Ian had gone out for a ride that morning—something he had done nearly every day since retiring from Hewlett-Packard in 2020—but tragically, he did not return home to his wife, Vivienne.

As many of you know, Ian was a longtime and deeply valued member of our community. He had been active in the Tuesday/Friday Ride (TFr) group for at least 15 years and served as the Friday ride leader for more than a decade. Alongside Steve Douglas, Ian was instrumental in building a warm, welcoming, and safety-first culture that helped define the ride for many.

Ian and his wife, Vivienne, moved from Bradley Stoke, near Bristol in the UK, to Fremont, California, in 1998, before settling in Fort Collins in 2001. Ian and Vivienne were married for 41 years and raised two sons, Michael and Simon. He retired from HP in 2020 after 31 years of service as a procurement and supply chain engineer.

A ghost bike was placed at the crash scene by Bike Fort Collins in Ian's honor.

His son, Michael, has this to say about his dad.

My dad was a lifelong rider; he and his parents Leslie (father) and Jean (mother) were also lifelong cyclists. Their vacations often involved multi-day touring the Northwest of England. He raced constantly through his twenties and thirties, mostly time trials, and was an active member of the Nottingham Castle Cycling Club. In the nineties, he put riding and racing on the back burner for his family and career, moved to Fort Collins by way of Fremont, California, continuing to commute and make grocery runs by bike, and embracing the weekend warrior lifestyle. He was a firm believer in squeezing every drop of life out of every tire, component, and threadbare chamois,  and continued to run steel frames with drop tube shifters and until circa 2007. He “got serious” again when I started showing interest in riding when I was in high school and racing in college.
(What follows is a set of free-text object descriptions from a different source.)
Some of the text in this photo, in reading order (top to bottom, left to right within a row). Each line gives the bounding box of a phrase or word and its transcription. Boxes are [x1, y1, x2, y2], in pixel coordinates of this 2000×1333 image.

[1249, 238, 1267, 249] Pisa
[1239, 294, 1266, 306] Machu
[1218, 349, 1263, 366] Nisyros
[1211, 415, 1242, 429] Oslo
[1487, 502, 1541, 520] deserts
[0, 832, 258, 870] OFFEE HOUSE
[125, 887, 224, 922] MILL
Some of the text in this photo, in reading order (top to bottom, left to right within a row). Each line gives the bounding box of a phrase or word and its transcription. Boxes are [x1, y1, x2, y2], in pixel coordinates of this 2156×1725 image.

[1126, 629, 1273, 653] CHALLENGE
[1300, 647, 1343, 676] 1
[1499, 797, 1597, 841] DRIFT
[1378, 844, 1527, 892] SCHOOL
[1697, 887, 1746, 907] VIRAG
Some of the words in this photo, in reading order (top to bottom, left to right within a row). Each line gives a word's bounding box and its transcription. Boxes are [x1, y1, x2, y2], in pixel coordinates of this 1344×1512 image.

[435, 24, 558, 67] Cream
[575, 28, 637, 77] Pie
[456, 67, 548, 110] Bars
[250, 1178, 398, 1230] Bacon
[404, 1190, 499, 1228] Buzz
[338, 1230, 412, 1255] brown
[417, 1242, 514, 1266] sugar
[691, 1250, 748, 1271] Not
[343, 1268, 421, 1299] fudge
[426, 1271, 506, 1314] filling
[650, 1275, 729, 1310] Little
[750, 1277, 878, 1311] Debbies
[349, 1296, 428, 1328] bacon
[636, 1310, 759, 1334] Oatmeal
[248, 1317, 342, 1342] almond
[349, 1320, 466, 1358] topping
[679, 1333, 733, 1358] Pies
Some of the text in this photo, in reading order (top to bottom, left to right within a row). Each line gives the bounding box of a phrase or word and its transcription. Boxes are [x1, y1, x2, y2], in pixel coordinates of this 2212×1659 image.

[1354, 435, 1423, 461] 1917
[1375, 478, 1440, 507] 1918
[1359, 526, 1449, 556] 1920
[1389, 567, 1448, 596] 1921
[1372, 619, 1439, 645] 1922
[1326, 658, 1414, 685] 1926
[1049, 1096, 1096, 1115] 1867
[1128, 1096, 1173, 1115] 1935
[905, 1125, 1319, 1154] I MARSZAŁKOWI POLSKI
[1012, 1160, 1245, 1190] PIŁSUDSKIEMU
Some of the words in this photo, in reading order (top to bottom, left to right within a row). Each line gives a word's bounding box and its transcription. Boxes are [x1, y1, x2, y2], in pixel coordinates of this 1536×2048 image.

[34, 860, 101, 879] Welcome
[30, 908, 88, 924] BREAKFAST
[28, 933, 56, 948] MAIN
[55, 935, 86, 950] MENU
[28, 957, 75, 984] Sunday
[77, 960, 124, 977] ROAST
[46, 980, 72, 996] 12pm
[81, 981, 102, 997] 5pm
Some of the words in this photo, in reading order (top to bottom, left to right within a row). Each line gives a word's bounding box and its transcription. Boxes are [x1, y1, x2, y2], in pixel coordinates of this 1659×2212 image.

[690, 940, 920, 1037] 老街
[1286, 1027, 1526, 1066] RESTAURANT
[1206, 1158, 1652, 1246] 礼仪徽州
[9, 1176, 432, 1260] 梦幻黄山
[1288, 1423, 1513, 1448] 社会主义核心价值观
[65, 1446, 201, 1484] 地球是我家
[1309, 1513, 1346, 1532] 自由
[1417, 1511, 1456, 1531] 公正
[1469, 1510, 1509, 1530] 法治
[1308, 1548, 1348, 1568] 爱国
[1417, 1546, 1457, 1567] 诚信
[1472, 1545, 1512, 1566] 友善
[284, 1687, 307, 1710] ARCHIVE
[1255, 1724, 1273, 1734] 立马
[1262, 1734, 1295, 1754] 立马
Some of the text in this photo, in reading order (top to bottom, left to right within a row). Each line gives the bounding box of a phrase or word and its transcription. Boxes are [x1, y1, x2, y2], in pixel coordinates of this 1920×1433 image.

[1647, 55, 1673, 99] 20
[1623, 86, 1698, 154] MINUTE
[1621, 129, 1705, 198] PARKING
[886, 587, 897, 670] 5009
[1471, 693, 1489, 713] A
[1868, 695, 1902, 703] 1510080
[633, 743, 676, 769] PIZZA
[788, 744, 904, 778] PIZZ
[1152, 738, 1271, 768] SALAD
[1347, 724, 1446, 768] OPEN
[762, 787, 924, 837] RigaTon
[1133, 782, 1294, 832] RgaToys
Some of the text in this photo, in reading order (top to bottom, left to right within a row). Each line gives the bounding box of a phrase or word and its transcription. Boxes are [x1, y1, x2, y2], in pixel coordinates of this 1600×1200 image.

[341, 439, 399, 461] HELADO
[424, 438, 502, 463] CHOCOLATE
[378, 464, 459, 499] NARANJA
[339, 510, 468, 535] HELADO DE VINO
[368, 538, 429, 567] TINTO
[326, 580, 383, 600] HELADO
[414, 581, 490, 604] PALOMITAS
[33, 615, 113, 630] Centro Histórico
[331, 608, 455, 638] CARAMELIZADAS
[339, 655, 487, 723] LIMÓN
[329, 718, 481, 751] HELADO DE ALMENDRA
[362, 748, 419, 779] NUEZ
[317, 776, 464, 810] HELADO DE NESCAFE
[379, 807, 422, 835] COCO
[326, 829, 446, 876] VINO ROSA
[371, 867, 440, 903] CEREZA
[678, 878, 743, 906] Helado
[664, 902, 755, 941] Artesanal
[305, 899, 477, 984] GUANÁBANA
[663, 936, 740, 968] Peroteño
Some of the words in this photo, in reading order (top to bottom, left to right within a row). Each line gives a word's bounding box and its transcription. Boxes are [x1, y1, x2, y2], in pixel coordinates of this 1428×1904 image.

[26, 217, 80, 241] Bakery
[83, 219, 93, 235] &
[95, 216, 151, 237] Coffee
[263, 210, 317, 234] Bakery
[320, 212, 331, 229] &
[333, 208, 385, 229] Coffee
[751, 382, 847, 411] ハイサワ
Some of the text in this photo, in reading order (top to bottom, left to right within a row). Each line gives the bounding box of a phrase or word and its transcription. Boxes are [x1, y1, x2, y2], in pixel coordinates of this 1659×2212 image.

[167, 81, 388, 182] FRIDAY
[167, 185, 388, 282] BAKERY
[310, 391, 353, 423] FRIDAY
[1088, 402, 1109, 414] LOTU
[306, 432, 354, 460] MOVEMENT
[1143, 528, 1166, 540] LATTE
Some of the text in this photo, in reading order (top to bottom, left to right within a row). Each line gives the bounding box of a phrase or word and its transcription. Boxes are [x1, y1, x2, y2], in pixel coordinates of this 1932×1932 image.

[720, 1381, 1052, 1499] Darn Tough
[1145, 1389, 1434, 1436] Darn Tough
He told me he had “started riding more and eating fries less,” promptly dropped sixty pounds of cubicle weight, and started terrorizing local group rides. He bought a shiny new Fuji (that, like every part of his setup, he rode into the ground), followed by a Kestral, Canyon, and Trek Gravel bike. You probably knew him not only for his 45 RPM cadence, crooked-toothed smile, Union Jack bicycle jerseys and gnarly varicose veins, but for his boundless energy on and off the bike and his advocacy for safe bicycle routes, separated bicycle paths, and infrastructure improvements. Beyond cycling, he was also a voracious reader; brilliant engineer, builder and problem solver; loved aviation, military history, rugby, and was a master of puns. I know he genuinely treasured the friendship and community that he found in the Fort Collins cycling community. Thank you all for that gift, and the overwhelming extension of love and support we have felt since his passing.


I can’t claim to have known Ian well—we exchanged messages about cycling from time to time, and chatted at the start of the YGR Time Trials he attended. But even in those brief interactions, his passion for cycling was clear and infectious. He cared deeply about the sport and his fellow riders. My heart goes out to all who loved and trusted Ian, especially his family and the TFr crew.


Thanks to Tim Wooten and Mike Moses of Bike Fort Collins for working so quickly to have a ghost bike installed at the scene in Ian’s honor.